Stream Changes from Oracle Database to Confluent Platform

The connector creates change events for database changes and sends them to Kafka topics. A change event includes a key and a value, with their structures based on the schema of the table where the change occurred.

Every message in key and value consists of two components: a schema and a payload. The schema defines the structure of the payload, and the payload holds the actual data.

Keys

The key includes a field for each column in the table’s primary key. If the table does not have a primary key but has a unique index, then the connector uses the column(s) from the unique index as the change event key(s).

For example, consider the following employees table from the sample database schema:

CREATE TABLE sample.employees (
  id NUMBER(9) NOT NULL PRIMARY KEY,
  first_name VARCHAR2(64) NOT NULL,
  last_name VARCHAR2(64),
  hire_date TIMESTAMP
);

The connector is configured with AVRO data format. The topic.prefix configuration property is set to cflt.

The schema describes the structure of the key column(s). In this example, there is a single field ID of type int corresponding to the id column in the employees table.

{
  "connect.name": "cflt.SAMPLE.EMPLOYEES.Key",
  "fields": [
   {
     "name": "ID",
     "type": "int"
   }
  ],
  "name": "Key",
  "namespace": "cflt.SAMPLE.EMPLOYEES",
  "type": "record"
}

Values

The structure of the value in a change event message mirrors that of the key. It includes both a schema section, which describes the structure of the payload, and a payload section, which holds the actual data.

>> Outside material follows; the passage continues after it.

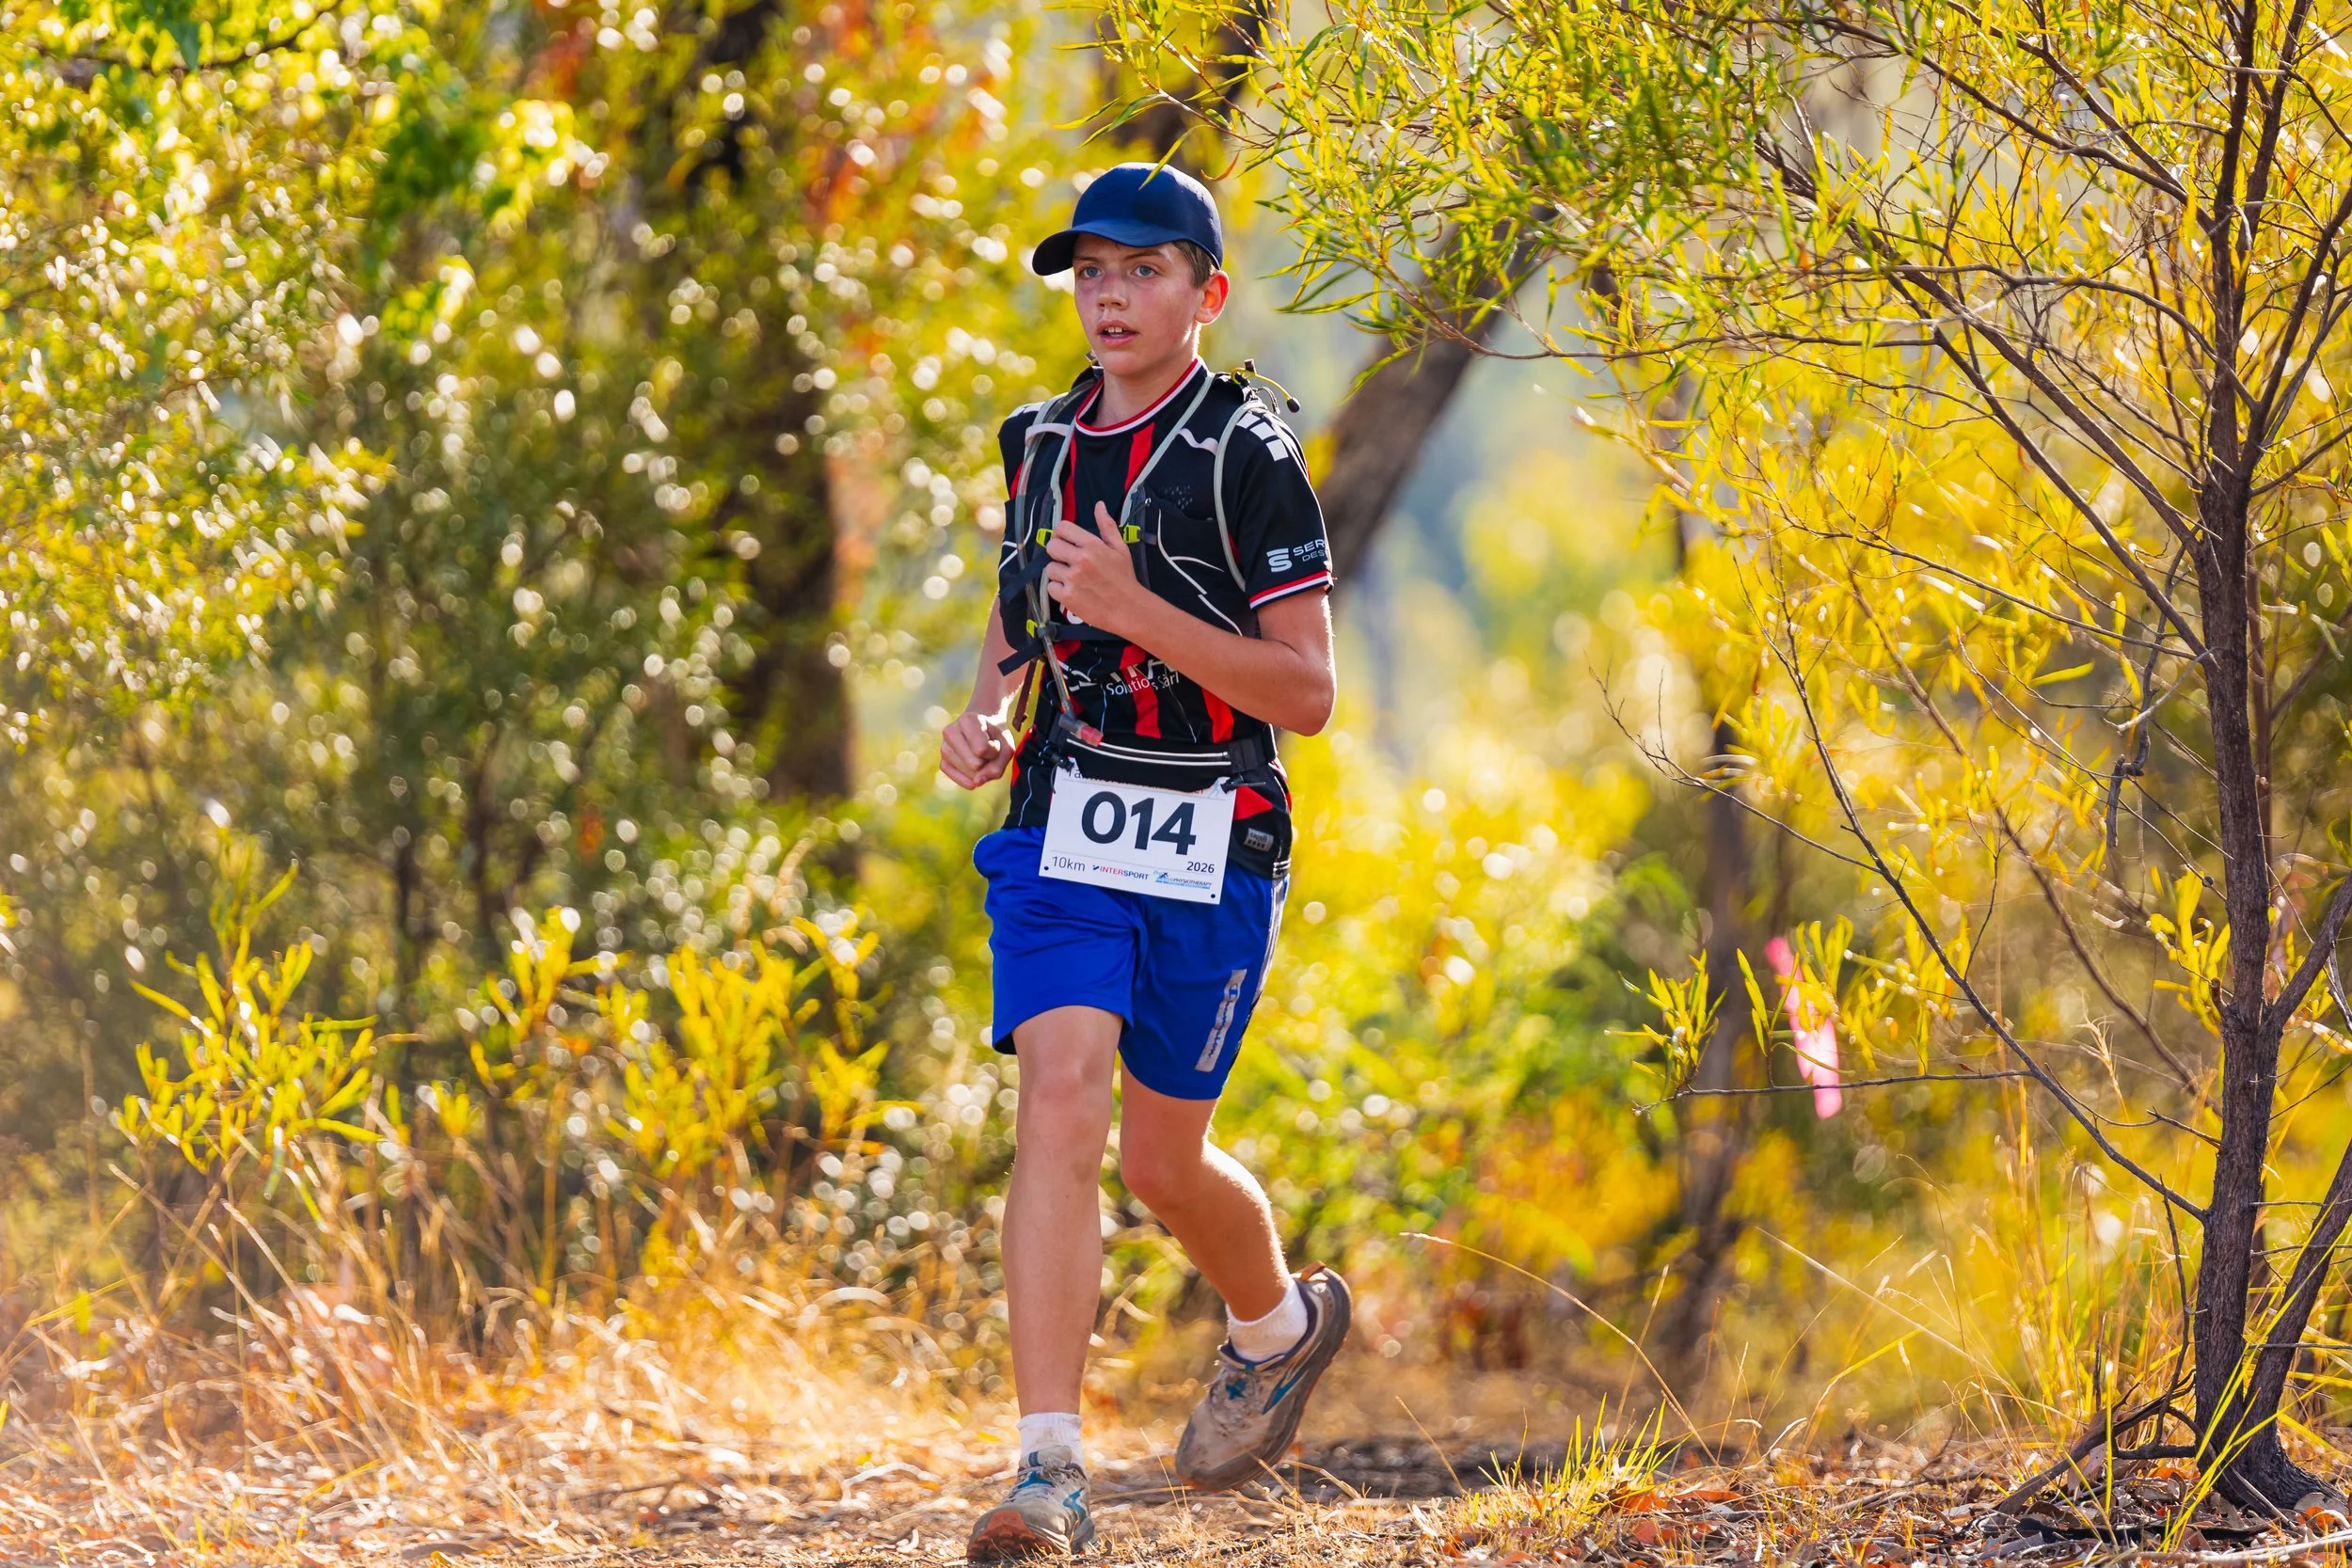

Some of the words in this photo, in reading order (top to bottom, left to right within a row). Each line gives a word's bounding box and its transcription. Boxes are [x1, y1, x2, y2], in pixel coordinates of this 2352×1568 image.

The schema of the change event’s values describes the envelope structure of the payload and the nested fields within it.

{
  "connect.name": "cflt.SAMPLE.EMPLOYEES.Envelope",
  "connect.version": 2,
  "fields": [
   {
     "default": null,
     "name": "before",
     "type": [
     "null",
      {
        "connect.name": "cflt.SAMPLE.EMPLOYEES.Value",
        "fields": [
         ...
        ],
        "name": "Value",
        "type": "record"
      }
     ]
   },
   {
     "default": null,
     "name": "after",
     "type": [
     "null",
     "Value"
     ]
   },
   {
     "name": "source",
     "type": {
     "connect.name": "io.confluent.connect.oracle.xstream.Source",
     "fields": [
      ...
     ],
     "name": "Source",
     "namespace": "io.confluent.connect.oracle.xstream",
     "type": "record"
     }
   },
   {
     "default": null,
     "name": "transaction",
     "type": [
     "null",
      {
        "connect.name": "event.block",
        "connect.version": 1,
        "fields": [
         ...
        ],
        "name": "block",
        "namespace": "event",
        "type": "record"
      }
     ]
   },
   {
     "name": "op",
     "type": "string"
   },
   {
     "default": null,
     "name": "ts_ms",
     "type": [
     "null",
     "long"
     ]
   },
   {
     "default": null,
     "name": "ts_us",
     "type": [
     "null",
     "long"
     ]
   },
   {
     "default": null,
     "name": "ts_ns",
     "type": [
     "null",
     "long"
     ]
   }
  ],
  "name": "Envelope",
  "namespace": "cflt.SAMPLE.EMPLOYEES",
  "type": "record"
}

The value schema includes the following fields:

Field Description
before (Optional) Contains the state of the row before the change occurred. The name of this schema takes the form <topic_prefix>.<schema_name>.<table_name>.Value. This is null for read (snapshot), create and truncate events.
after (Optional) Contains the state of the row after the change occurred. The name of this schema takes the form <topic_prefix>.<schema_name>.<table_name>.Value. This is null for delete and truncate events.
transaction (Optional) Contains metadata information associated with the transaction, such as the transaction id. This field is not part of the current release.
op (Mandatory) Contains a string value describing the type of operation. It includes one of the following values: c (create or insert), u (update), d (delete), r (read, which indicates a snapshot), or t (truncate).
ts_ms (ts_us, ts_ns) (Optional) Contains the time (based on the system clock in the JVM that runs the Kafka Connect task) at which the connector generated the event.
source (Mandatory) Contains metadata about the source of the change event, such as the table name and the timestamp when the change occurred. The name of this schema is io.confluent.connect.oracle.xstream.Source.

The source block contains the following fields:

Field Description
connector Connector name
version Connector version
name Value of topic.prefix configuration property, for example, cflt
db Database name, for example, ORCLPDB1
schema Schema name, for example, SAMPLE
table Table name, for example, EMPLOYEES
snapshot If the event is part of an ongoing snapshot or not. For example, last
txId The transaction ID (n/a for snapshots). For example, 4.31.4721
ts_ms (ts_us, ts_ns) Timestamp when the record in the source database changed (for snapshots, the timestamp indicates when the snapshot occurred).
scn SCN of the change. For snapshots, this is the snapshot SCN, for example, 49066206
lcr_position Position of the LCR (null for snapshots). For example, 0000000002ed814d00000001000000010000000002ed814c000000010000000102
user_name Username who made the change (not applicable for snapshots)
row_id Row ID associated with the changed row (not applicable for snapshots)